Whenever foreign leaders, Xi Jinping and Enrique Peña Nieto among them, called Trump’s bluff, it worked out for them quite nicely. The president of the United States is, as he has been throughout his life, all bluster and no substance.
Small wonder Trump has taken to the American political system with such enthusiasm he has found the one system that's so broken that it pays dividends to fail in it.
Small wonder Trump has taken to the American political system with such enthusiasm. For the first time in his long career of bankruptcies and failures, he has found the one system that's so broken that it pays dividends to fail in it.
As people celebrate the fact the French avoided the lunatic fringe, they should remember that in the United States, we narrowly missed the same outcome. Macron's election doesn't prove that a "tide against globalism" is receding throughout the world. It should be clear that, following bitter defeats of xenophobic/protectionist movements from Austria to the Netherlands and now France, Trump is an American embarrassment, not a global phenomenon.

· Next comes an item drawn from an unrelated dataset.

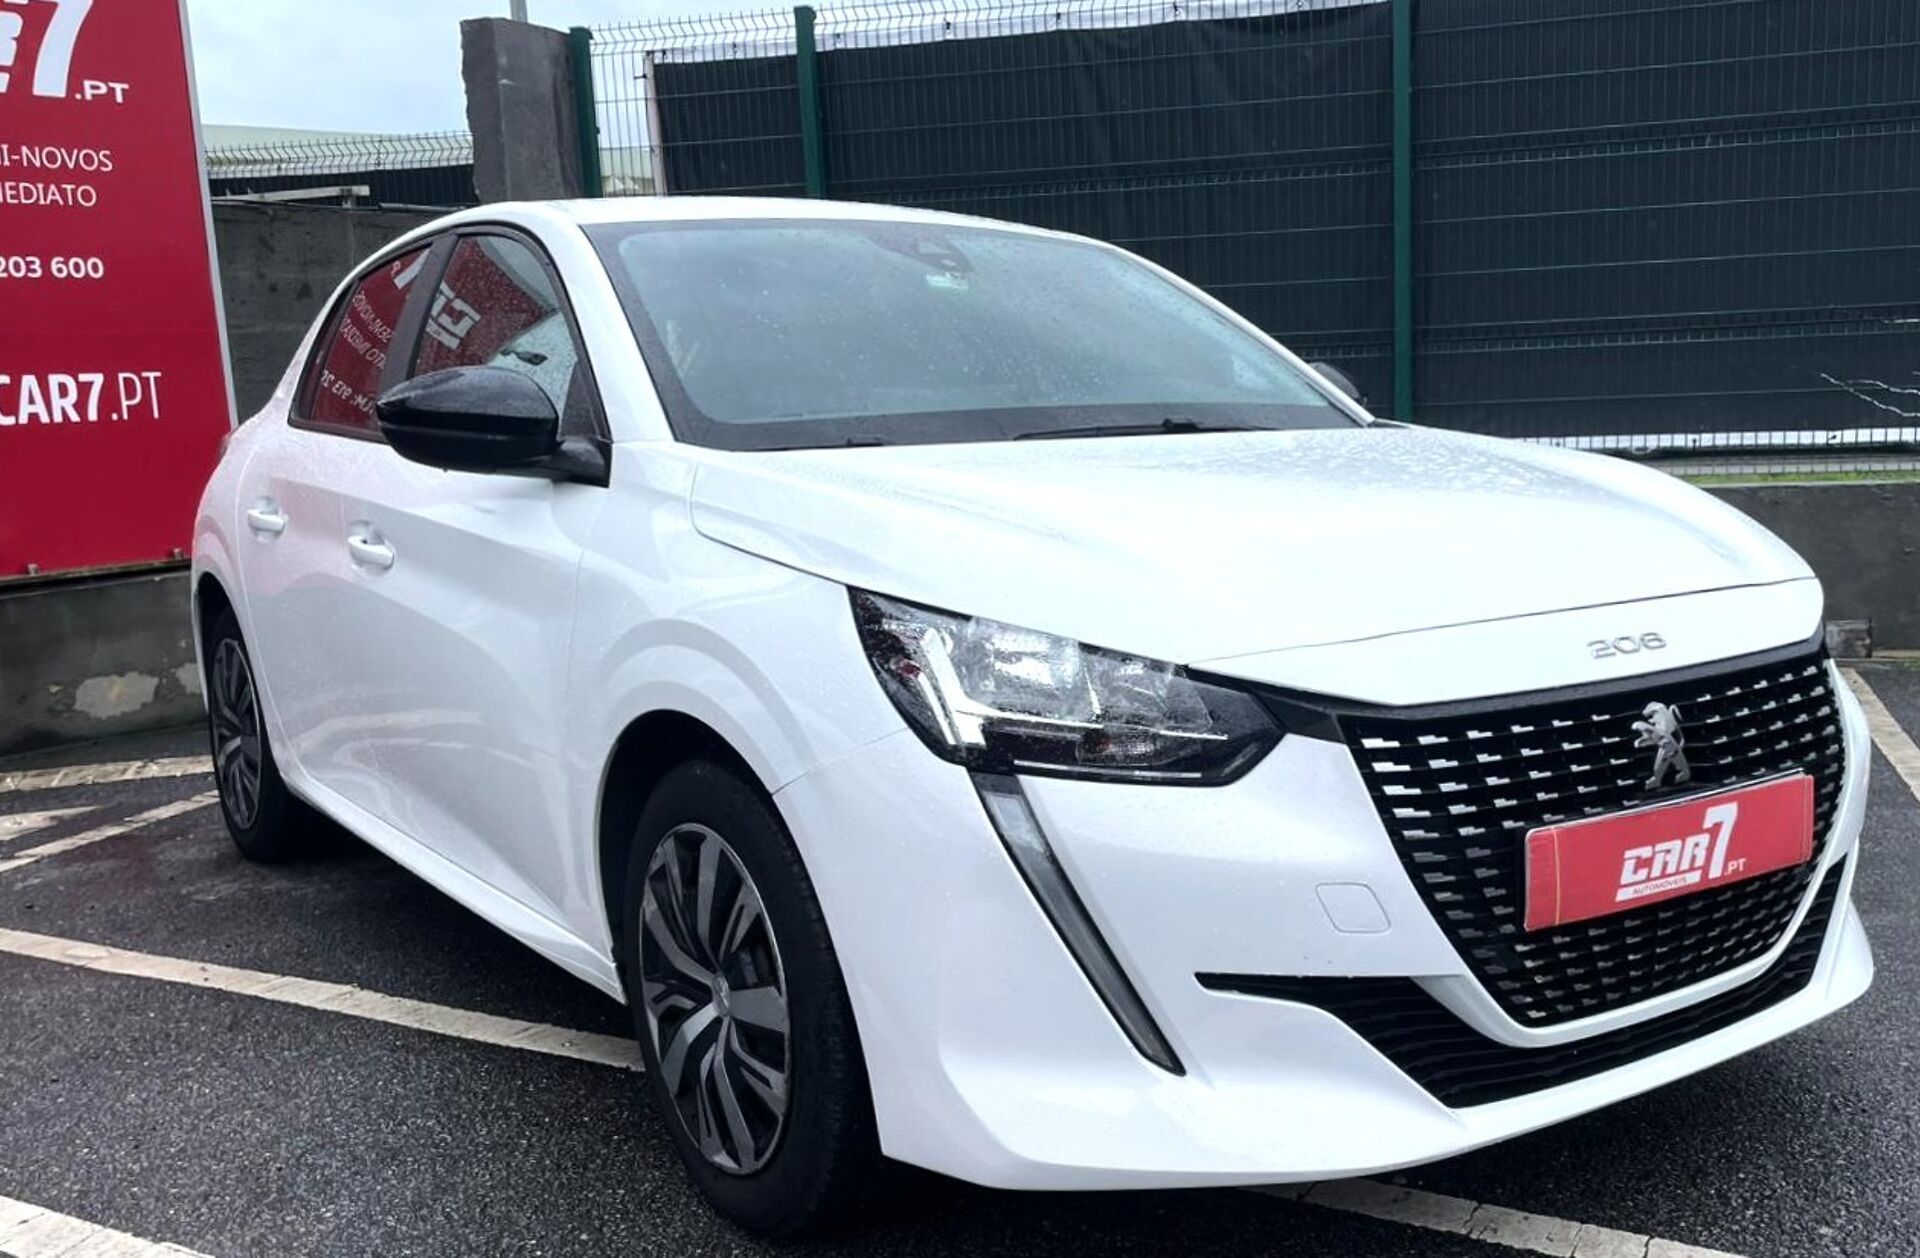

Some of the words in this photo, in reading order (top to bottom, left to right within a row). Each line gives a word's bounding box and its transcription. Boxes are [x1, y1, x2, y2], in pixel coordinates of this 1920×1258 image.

[0, 143, 113, 172] I-NOVOS
[0, 181, 97, 207] EDIATO
[50, 256, 104, 279] 600

During the campaign, Hillary Clinton threw Republican leadership a lifeline. It was a pragmatic measure. These were men she needed to work with. But pragmatism or goodwill aside, she was wrong to do so. The GOP is beyond salvation or repair.
It must be reiterated: the Republicans gave a platform to someone who started his campaign by calling Mexicans "rapists." The sheer cruelty of the healthcare bill that the Republicans pushed through Congress reveals a lot. Even if it dies on the Senate floor, the bill reveals a party unashamed to cruelly punish the most vulnerable.

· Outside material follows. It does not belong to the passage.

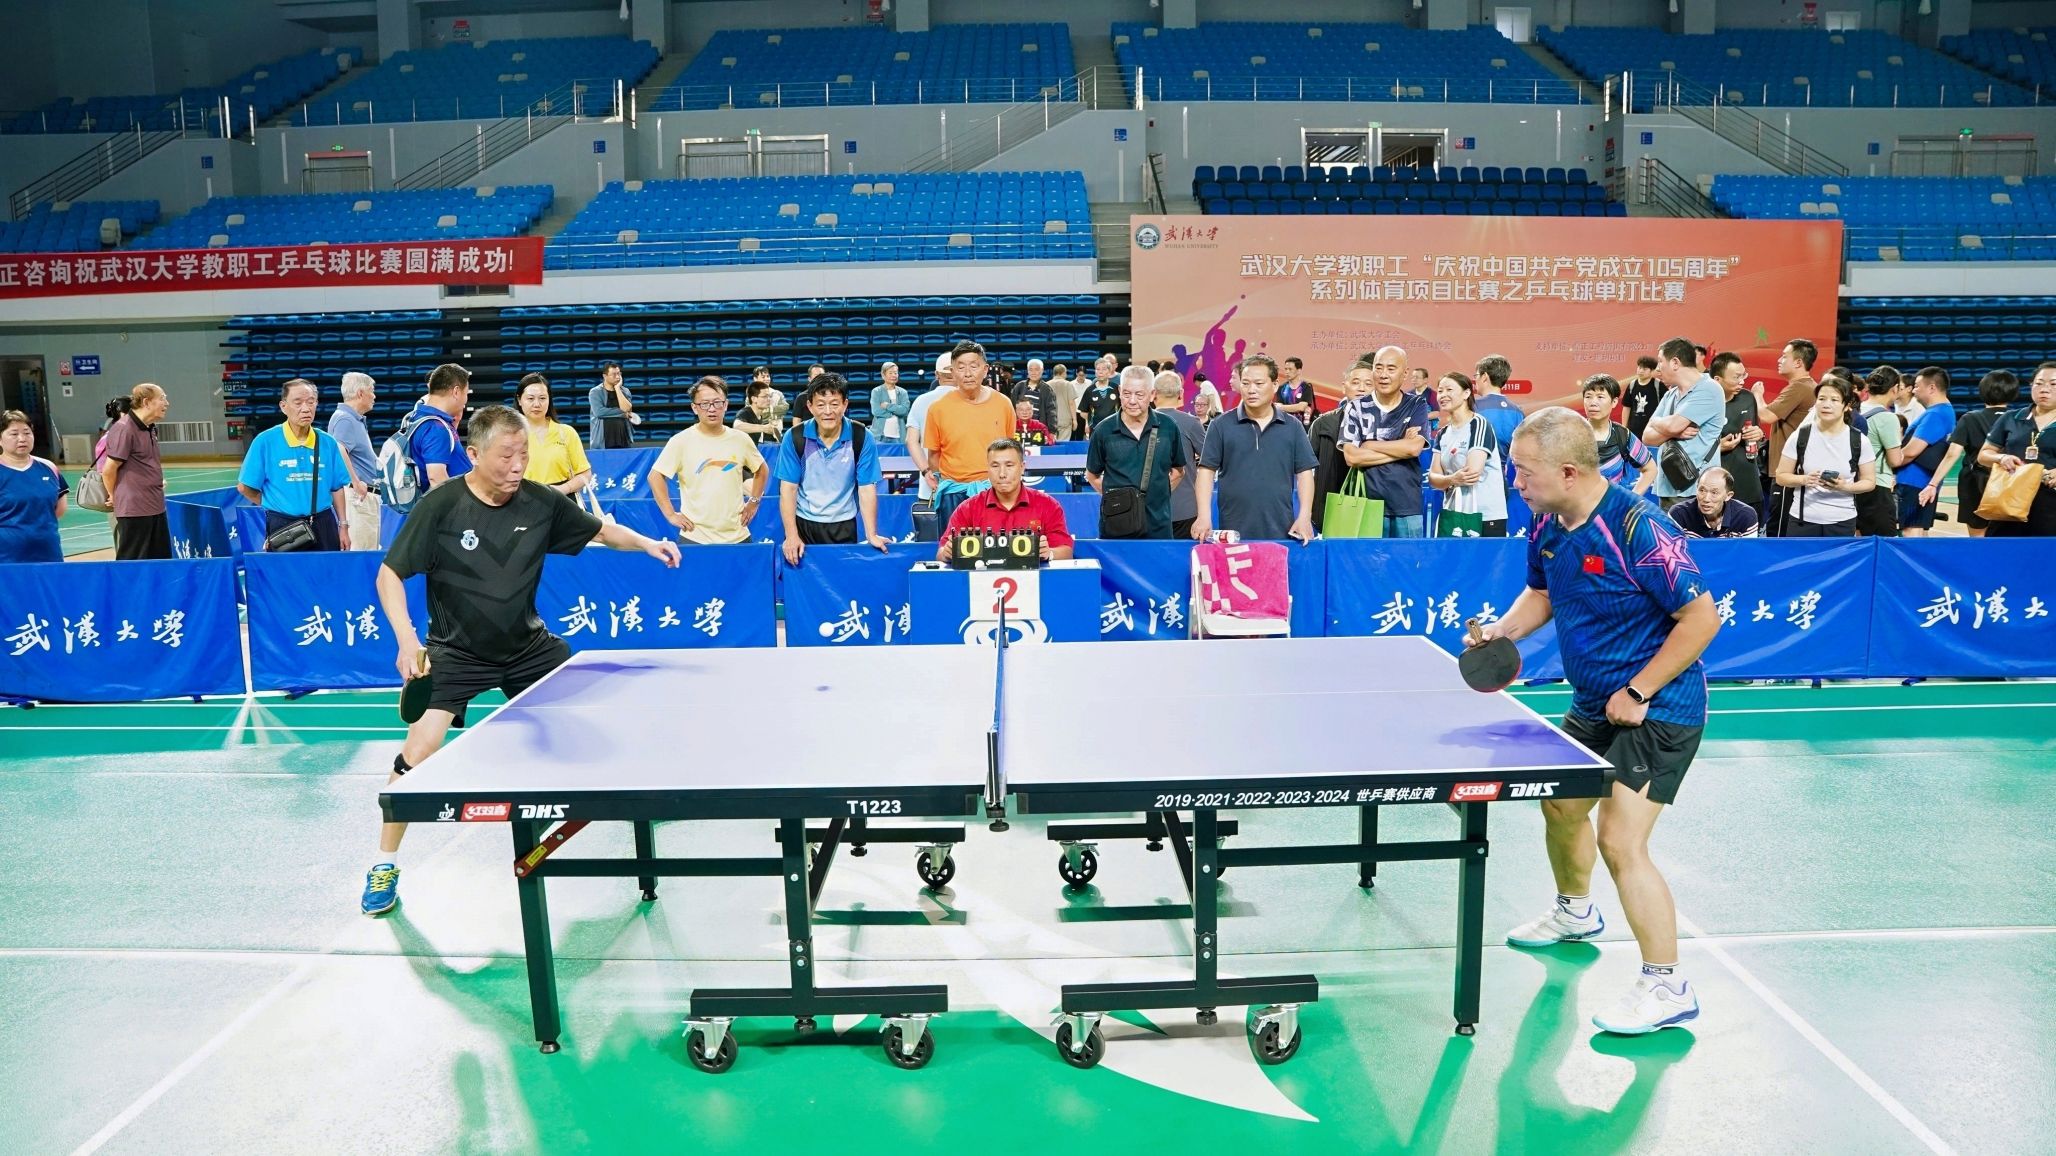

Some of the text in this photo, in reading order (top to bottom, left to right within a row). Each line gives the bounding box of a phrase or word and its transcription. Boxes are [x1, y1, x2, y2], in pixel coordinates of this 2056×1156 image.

The GOP nominated one of their own. They stuck with him through the election and they will unify to keep his unpopular administration afloat for as long as it serves their needs.
“This man is the nominee of the party of Lincoln,” said Hillary Clinton back in August. “We are watching it become the party of Trump. And that’s not just a huge loss for our democracy - it is a threat to it.”

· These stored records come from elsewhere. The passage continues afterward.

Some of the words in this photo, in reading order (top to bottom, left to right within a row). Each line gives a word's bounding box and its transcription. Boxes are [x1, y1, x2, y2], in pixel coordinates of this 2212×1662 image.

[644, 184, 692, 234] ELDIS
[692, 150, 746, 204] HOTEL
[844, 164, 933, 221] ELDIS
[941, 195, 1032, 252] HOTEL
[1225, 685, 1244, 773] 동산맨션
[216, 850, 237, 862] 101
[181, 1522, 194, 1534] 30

Indeed: that threat is existential. We must respond to it in creative ways. Most counter-intuitively of all, we must work to rebuild a strong conservative party in the United States. No grassroots movement, especially in the face of ancient and ossified US institutions, will likely succeed in solving our problem.
There should be no doubt that true American conservatives, who realise the Republican Party is no longer their home, must be part of this resistance. Figures like Evan McMullan have emerged as true champions of conservative values, values which uphold the fundamental democratic ability to collaborate with those on opposing sides of the political spectrum, as well as the basic vision required to identify the incendiary currents that fall outside our spectrum entirely.
We need a Conservative party that can serve as a home to figures like McMullin and others without tainting them with the brand of social lunacy, legislative cruelty or political incompetence. What's the point of impeaching Trump if there's nothing viable to replace him?
The GOP has turned into something cruel and unusual. Where there once stood a strong conservative party, there is now a vacuum. We must all help to fill that void if we are to stand any chance at survival.
If we succeed, if we realise that we must all ‘Feel the Bern’ as well as be ‘Stronger Together,’ and imagine what slogan may have captured the spirit of a normal American Republican candidate in 2016, then we may galvanise unprecedented forces, leading to greater economic justice and social equality than ever before. If we fail, we’ve had a good 240 years and that’s all we get.